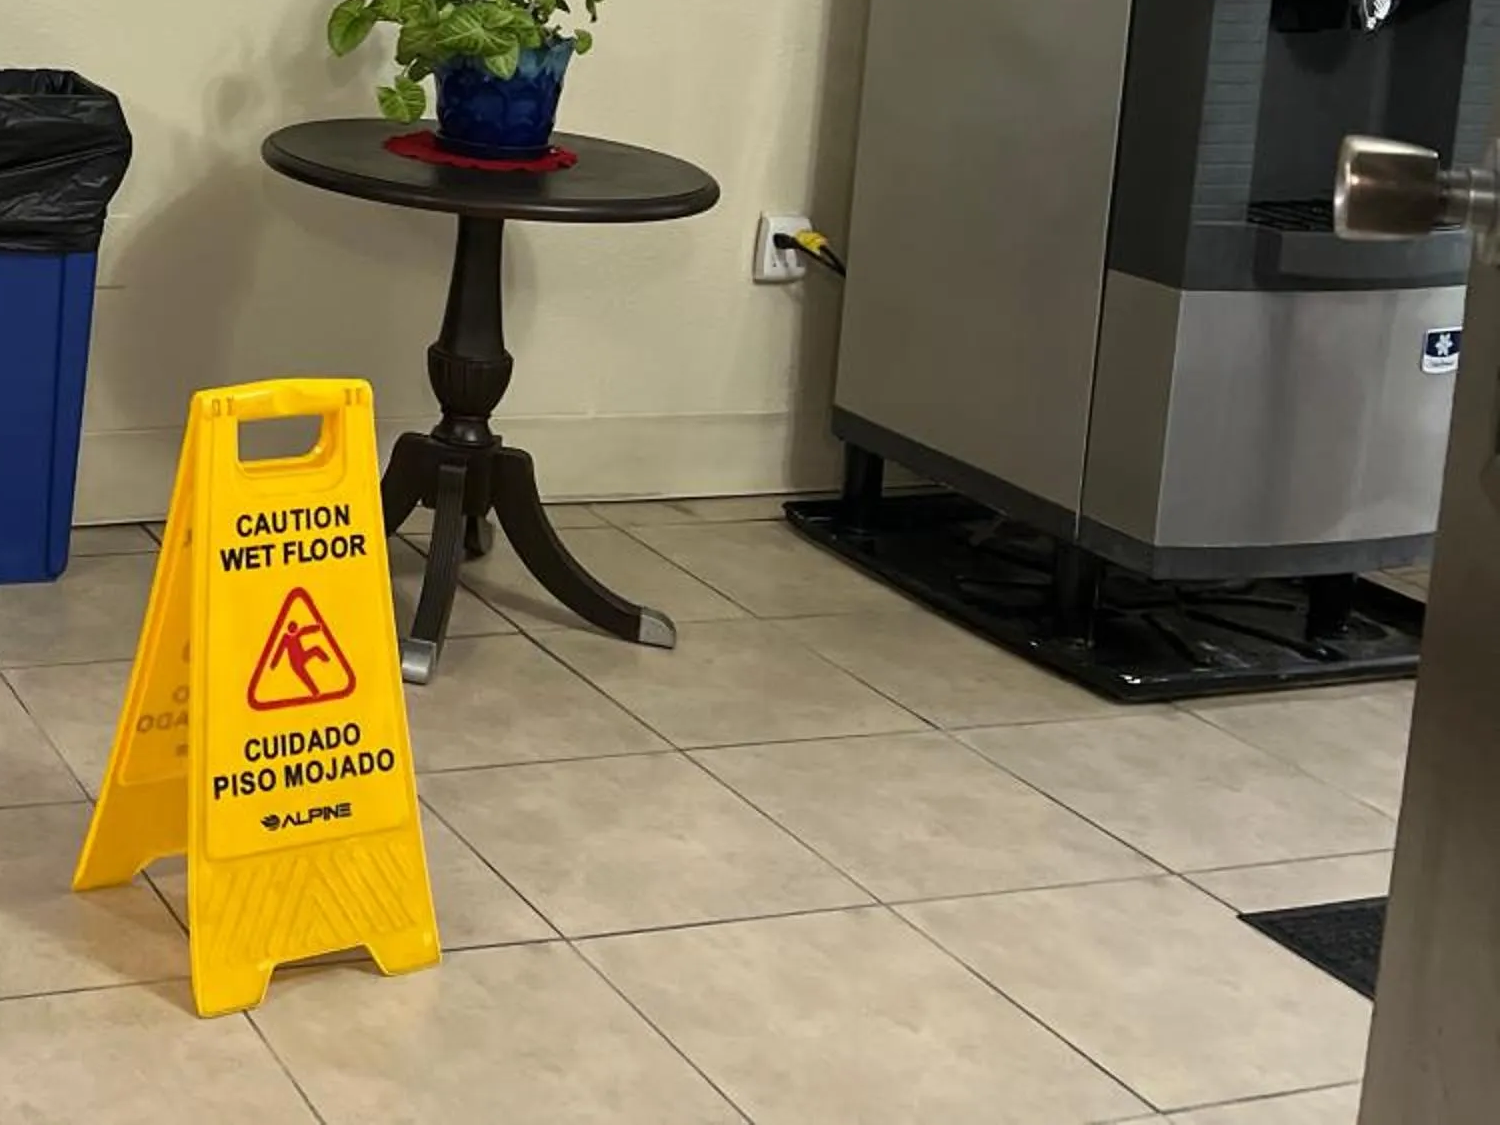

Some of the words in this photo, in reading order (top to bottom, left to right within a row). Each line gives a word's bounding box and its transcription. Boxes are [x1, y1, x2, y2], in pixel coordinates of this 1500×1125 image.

[236, 504, 350, 537] CAUTION
[220, 544, 275, 572] WET
[283, 534, 366, 565] FLOOR
[244, 723, 360, 762] CUIDADO
[213, 768, 277, 800] PISO
[284, 748, 394, 788] MOJADO
[281, 802, 353, 828] ALPINE
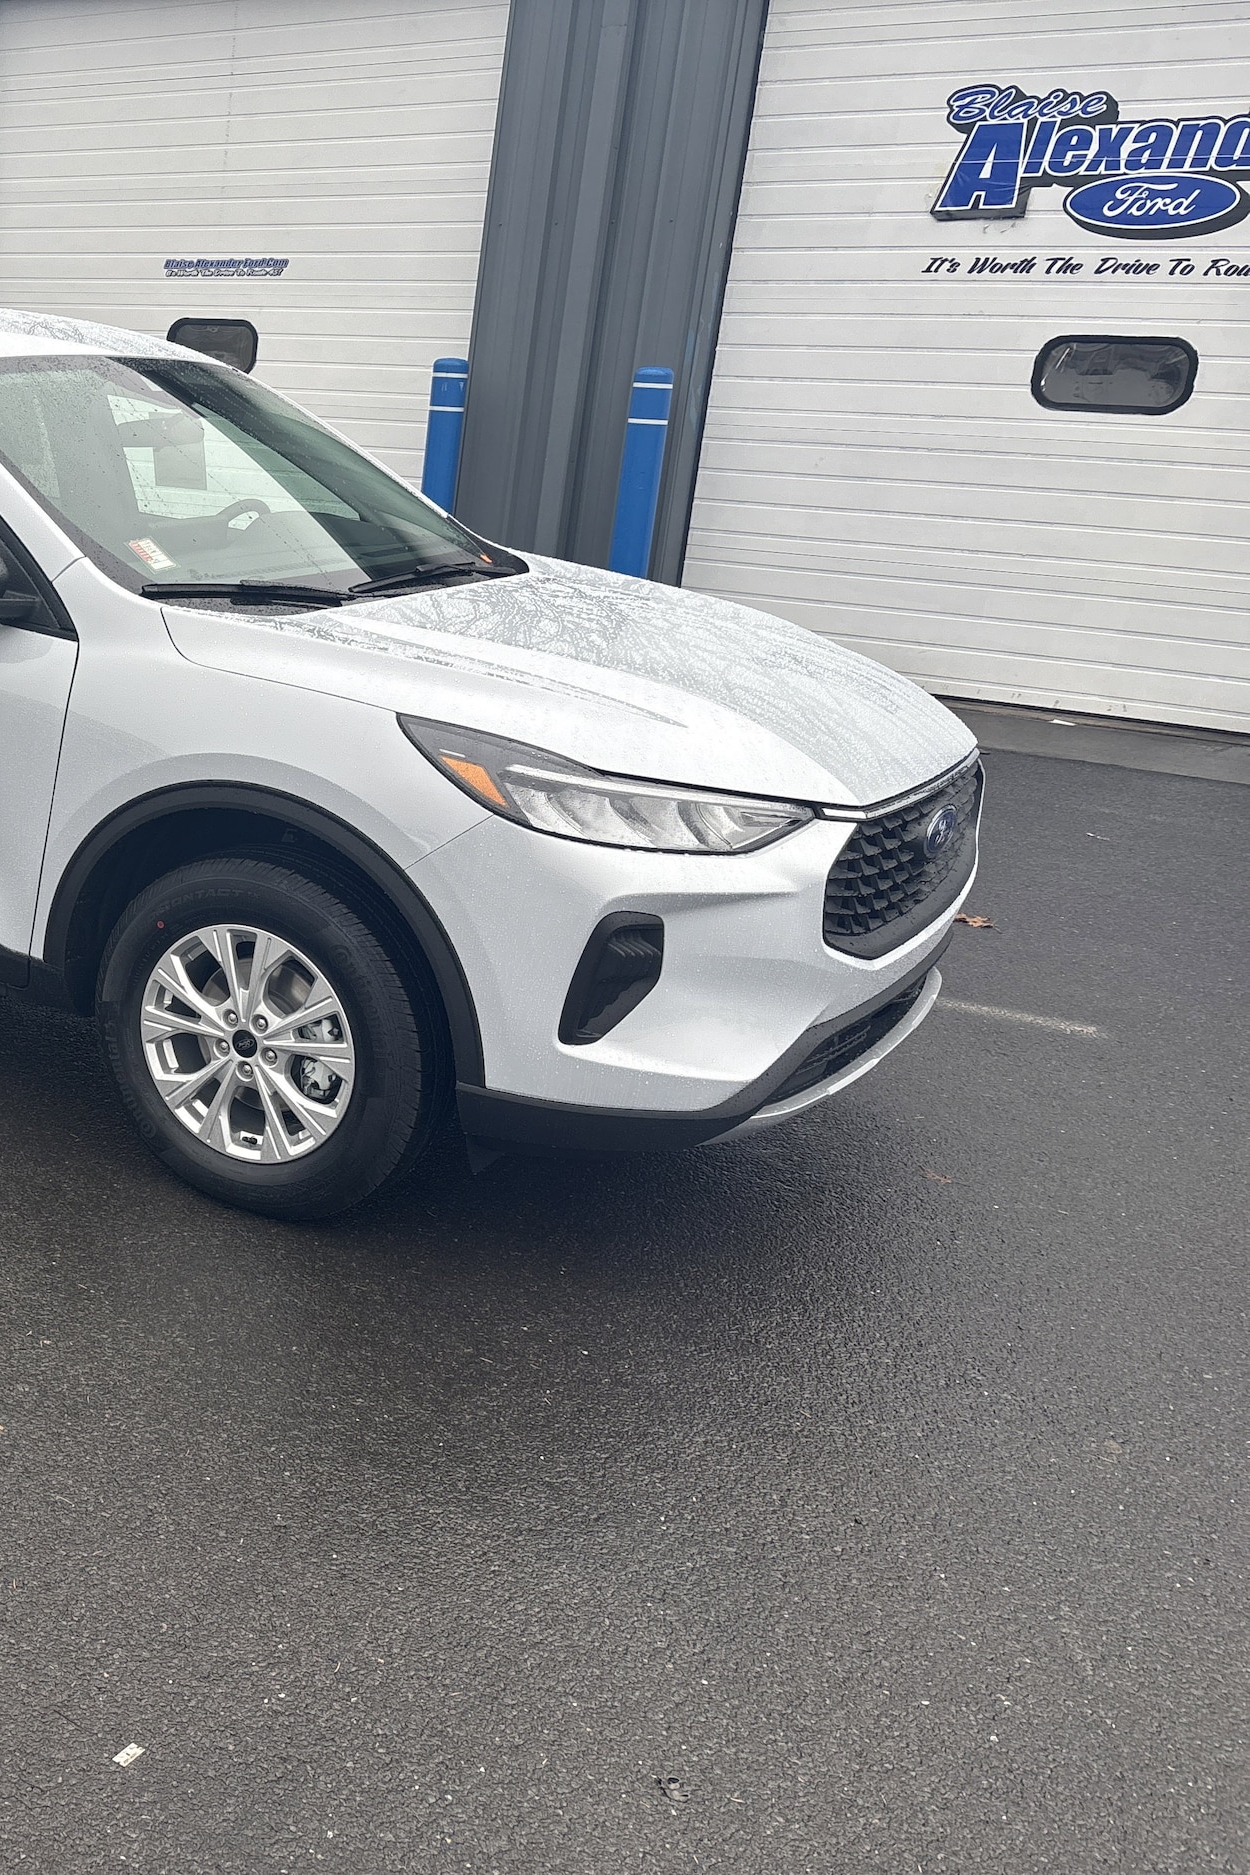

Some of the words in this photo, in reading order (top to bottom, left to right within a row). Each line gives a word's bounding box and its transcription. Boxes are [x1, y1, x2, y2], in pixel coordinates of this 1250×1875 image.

[949, 85, 1110, 122] Blaise
[1103, 182, 1200, 216] Ford
[921, 256, 961, 274] It's
[967, 256, 1038, 275] Worth
[1044, 256, 1084, 275] The
[1093, 256, 1161, 275] Drive
[1168, 258, 1196, 276] To
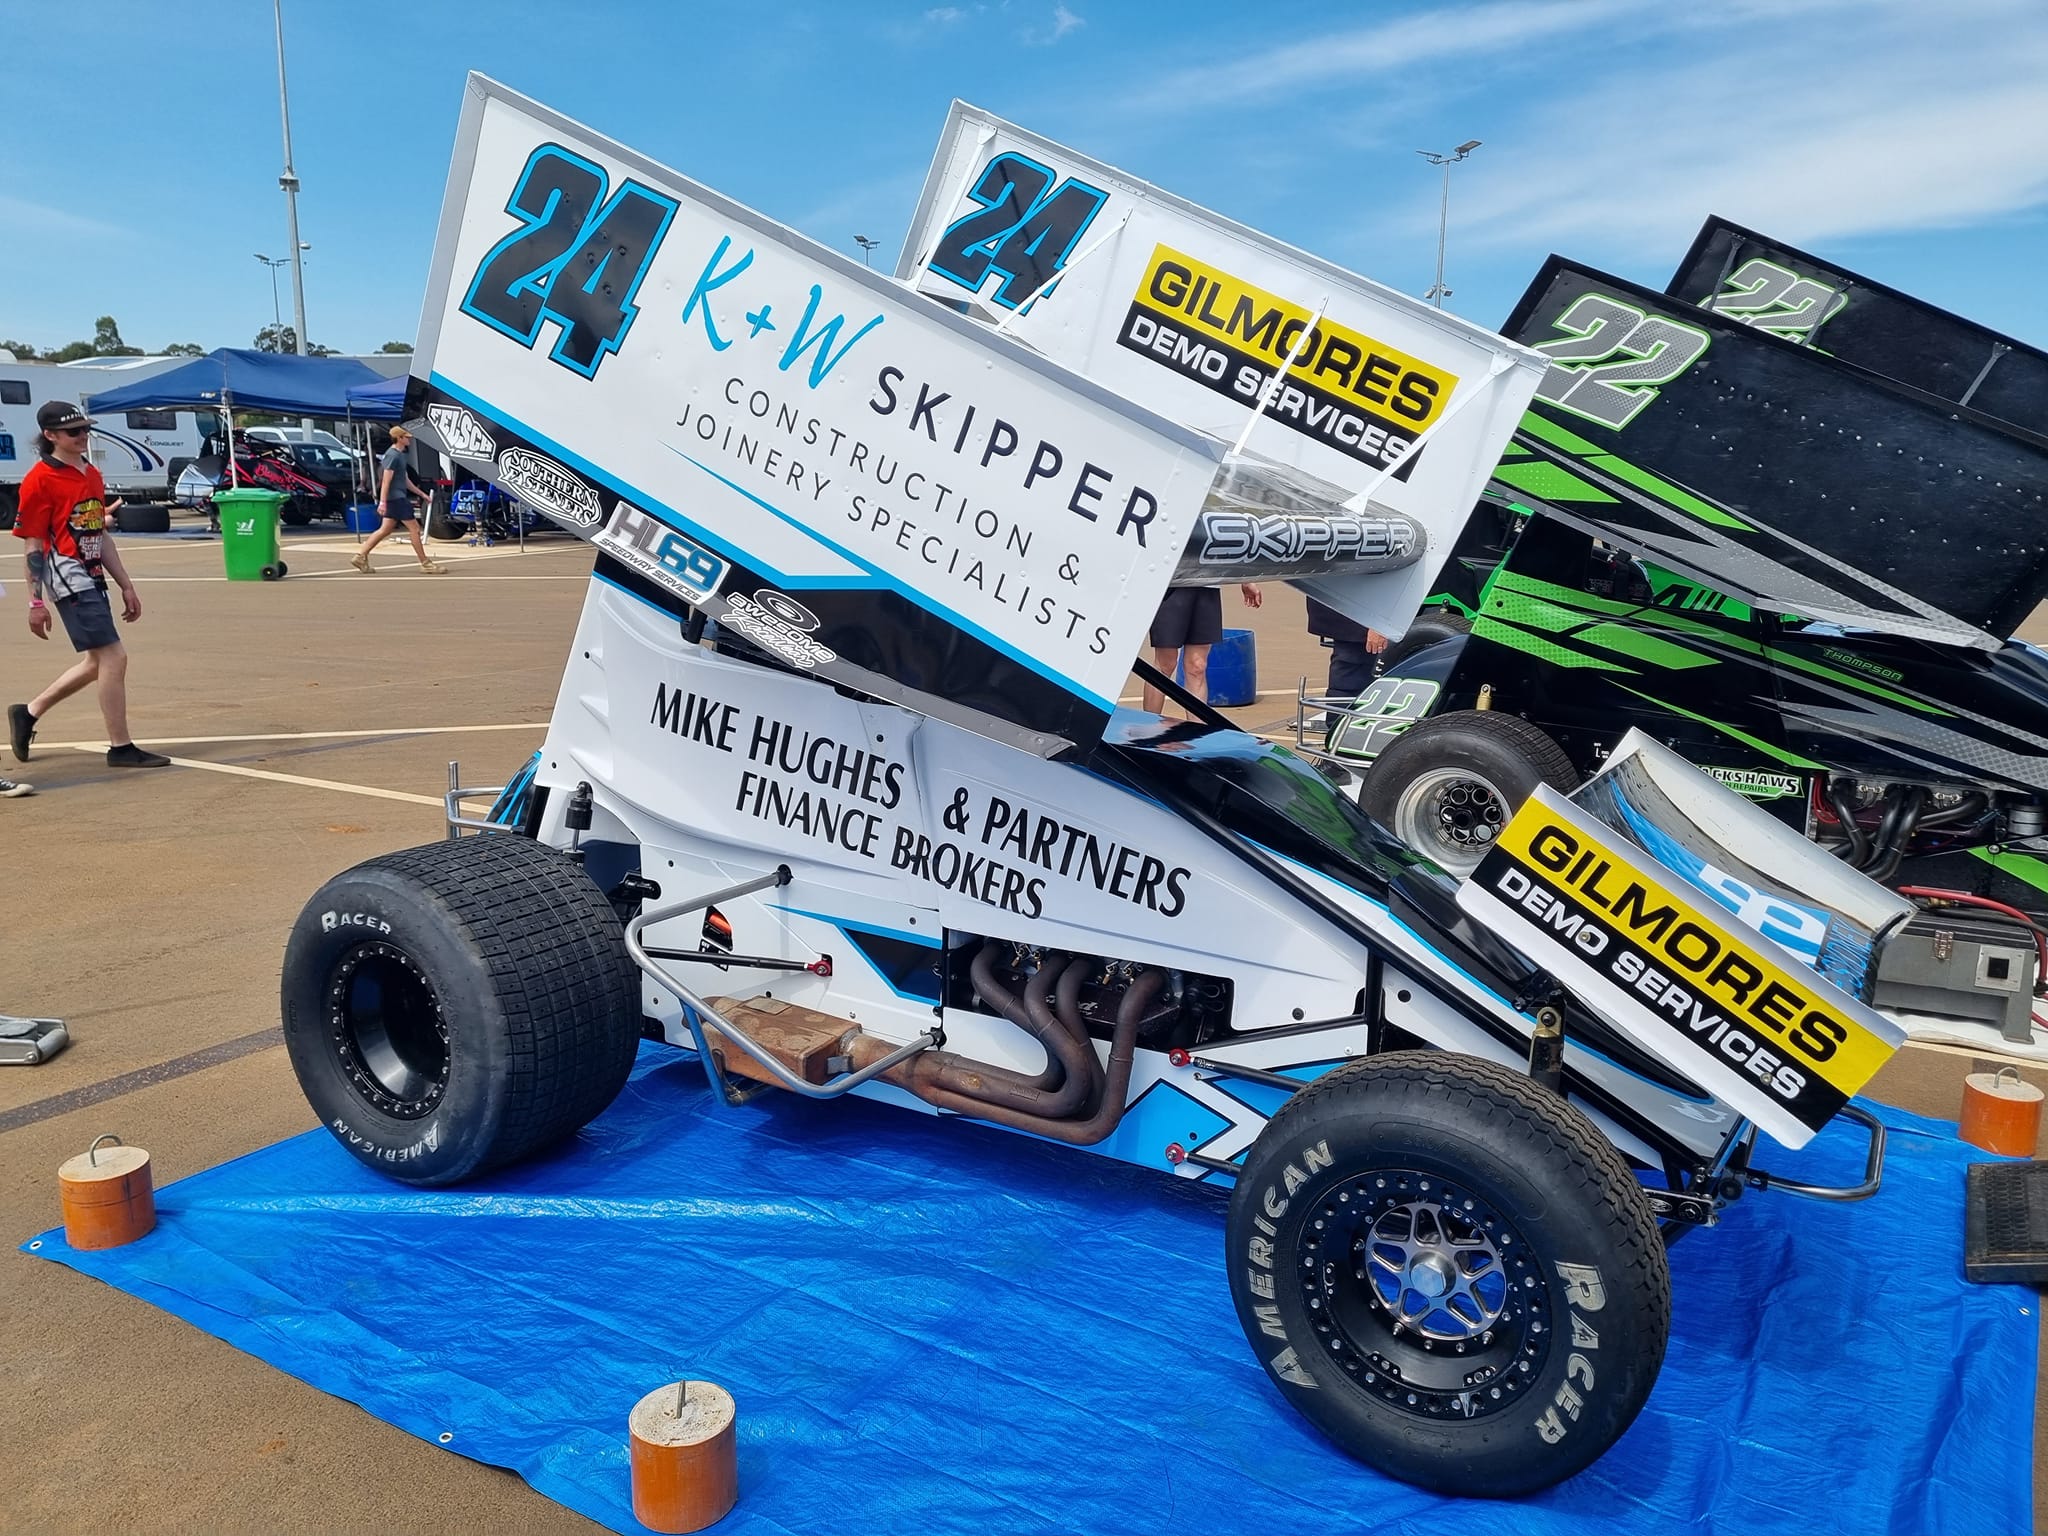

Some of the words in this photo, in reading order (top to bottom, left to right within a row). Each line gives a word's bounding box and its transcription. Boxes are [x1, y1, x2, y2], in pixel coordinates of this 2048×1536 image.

[460, 142, 681, 381] 24
[928, 151, 1110, 317] 24
[1697, 258, 1848, 356] 22
[1130, 314, 1228, 377] DEMO
[1234, 366, 1412, 466] SERVICES
[1149, 260, 1440, 422] GILMORES
[1534, 293, 1711, 431] 22
[429, 407, 494, 453] FELSCH
[504, 467, 593, 527] FASTENERS
[510, 448, 599, 511] SOUTHERN
[725, 378, 1033, 559] CONSTRUCTION
[1058, 553, 1080, 585] &
[869, 366, 1158, 548] SKIPPER
[599, 537, 653, 574] SPEEDWAY
[653, 564, 701, 602] SERVICES
[608, 502, 723, 592] HL69
[677, 404, 831, 500] JOINERY
[847, 496, 1111, 655] SPECIALISTS
[1201, 512, 1416, 563] SKIPPER
[1328, 677, 1441, 758] 22
[1824, 647, 1903, 682] THOMPSON
[650, 682, 740, 752] MIKE
[748, 715, 905, 810] HUGHES
[943, 786, 970, 833] &
[981, 796, 1191, 919] PARTNERS
[735, 771, 883, 859] FINANCE
[892, 825, 1046, 919] BROKERS
[1702, 767, 1798, 793] ACKSHAWS
[1497, 868, 1609, 955] DEMO
[1611, 951, 1807, 1100] SERVICES
[1528, 825, 1848, 1063] GILMORES
[1248, 1139, 1336, 1389] AMERICAN
[1535, 1260, 1607, 1445] RACER

##########

→ EXERCISE INSTRUCTIONS
In your copy, please omit the pictures and print every line of the records exactly.

→ WRITTEN REPLY
Some of the words in this photo, in reading order (top to bottom, left to right within a row). Each line gives a word's bounding box and its transcription. Boxes are [x1, y1, x2, y2], in pixel coordinates of this 1500×1125 image.

[236, 504, 350, 537] CAUTION
[220, 544, 275, 572] WET
[283, 534, 366, 565] FLOOR
[244, 723, 360, 762] CUIDADO
[213, 768, 277, 800] PISO
[284, 748, 394, 788] MOJADO
[281, 802, 353, 828] ALPINE

Some of the words in this photo, in reading order (top to bottom, left to right within a row). Each line gives a word's bounding box and its transcription. Boxes are [x1, y1, x2, y2], in pixel coordinates of this 1250×1875 image.

[949, 85, 1110, 122] Blaise
[1103, 182, 1200, 216] Ford
[921, 256, 961, 274] It's
[967, 256, 1038, 275] Worth
[1044, 256, 1084, 275] The
[1093, 256, 1161, 275] Drive
[1168, 258, 1196, 276] To

Some of the words in this photo, in reading order (top to bottom, left to right within a row). Each line gives a word's bounding box and its transcription. Boxes are [x1, y1, x2, y2], in pixel coordinates of this 2048×1536 image.

[460, 142, 681, 381] 24
[928, 151, 1110, 317] 24
[1697, 258, 1848, 356] 22
[1130, 314, 1228, 377] DEMO
[1234, 366, 1412, 466] SERVICES
[1149, 260, 1440, 422] GILMORES
[1534, 293, 1711, 431] 22
[429, 407, 494, 453] FELSCH
[504, 467, 593, 527] FASTENERS
[510, 448, 599, 511] SOUTHERN
[725, 378, 1033, 559] CONSTRUCTION
[1058, 553, 1080, 585] &
[869, 366, 1158, 548] SKIPPER
[599, 537, 653, 574] SPEEDWAY
[653, 564, 701, 602] SERVICES
[608, 502, 723, 592] HL69
[677, 404, 831, 500] JOINERY
[847, 496, 1111, 655] SPECIALISTS
[1201, 512, 1416, 563] SKIPPER
[1328, 677, 1441, 758] 22
[1824, 647, 1903, 682] THOMPSON
[650, 682, 740, 752] MIKE
[748, 715, 905, 810] HUGHES
[943, 786, 970, 833] &
[981, 796, 1191, 919] PARTNERS
[735, 771, 883, 859] FINANCE
[892, 825, 1046, 919] BROKERS
[1702, 767, 1798, 793] ACKSHAWS
[1497, 868, 1609, 955] DEMO
[1611, 951, 1807, 1100] SERVICES
[1528, 825, 1848, 1063] GILMORES
[1248, 1139, 1336, 1389] AMERICAN
[1535, 1260, 1607, 1445] RACER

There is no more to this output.